* [Work instructions] The response should contain all of the data below, reproduced exactly, and no pictures.

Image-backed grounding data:
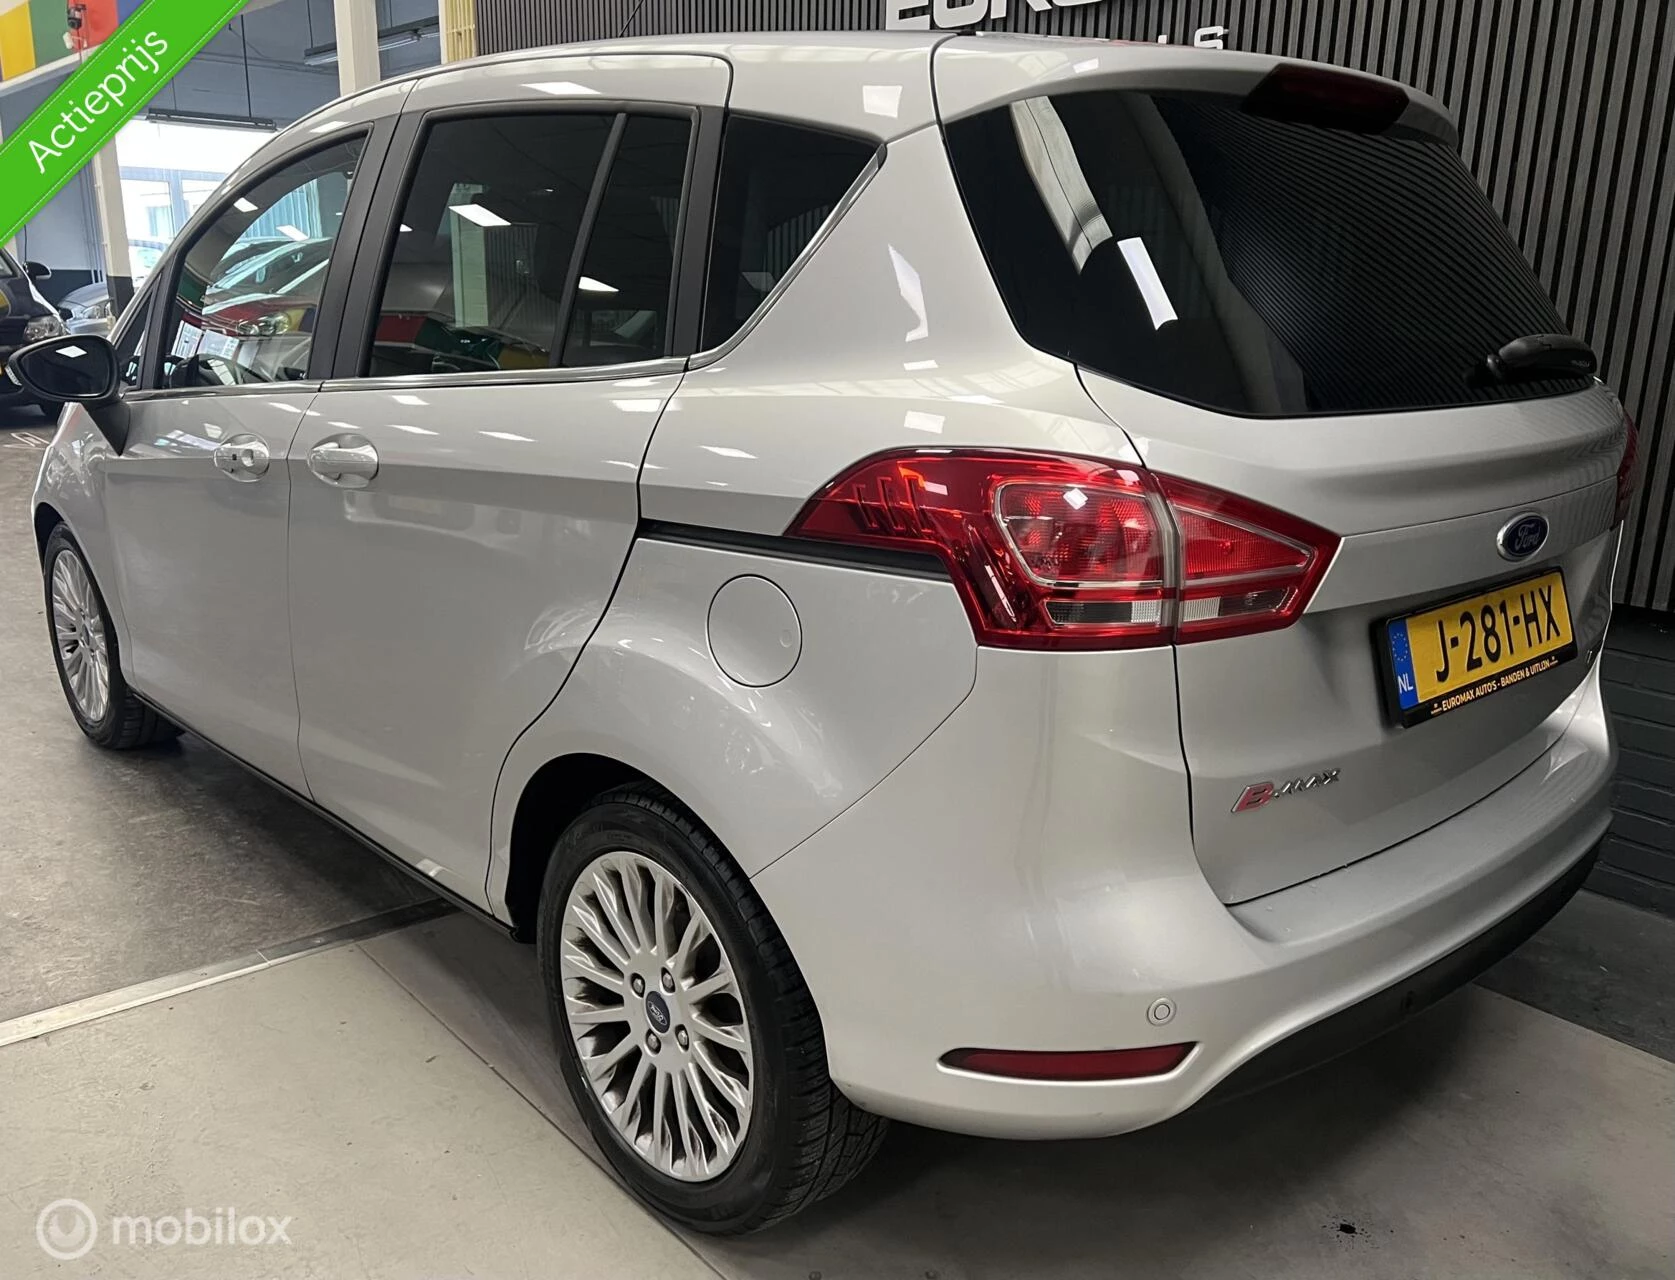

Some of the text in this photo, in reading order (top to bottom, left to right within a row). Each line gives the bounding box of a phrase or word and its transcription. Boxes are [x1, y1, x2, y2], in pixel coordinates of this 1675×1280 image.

[1436, 585, 1560, 682] J-281-HX
[1398, 674, 1413, 694] NL
[1442, 690, 1475, 711] EUROMAX
[1500, 670, 1525, 687] BANDEN

* [Task output]
Some of the text in this photo, in reading order (top to bottom, left to right within a row). Each line gives the bounding box of a phrase or word and its transcription. Boxes are [x1, y1, x2, y2], in pixel coordinates of this 1675×1280 image.

[1436, 585, 1560, 682] J-281-HX
[1398, 674, 1413, 694] NL
[1442, 690, 1475, 711] EUROMAX
[1500, 670, 1525, 687] BANDEN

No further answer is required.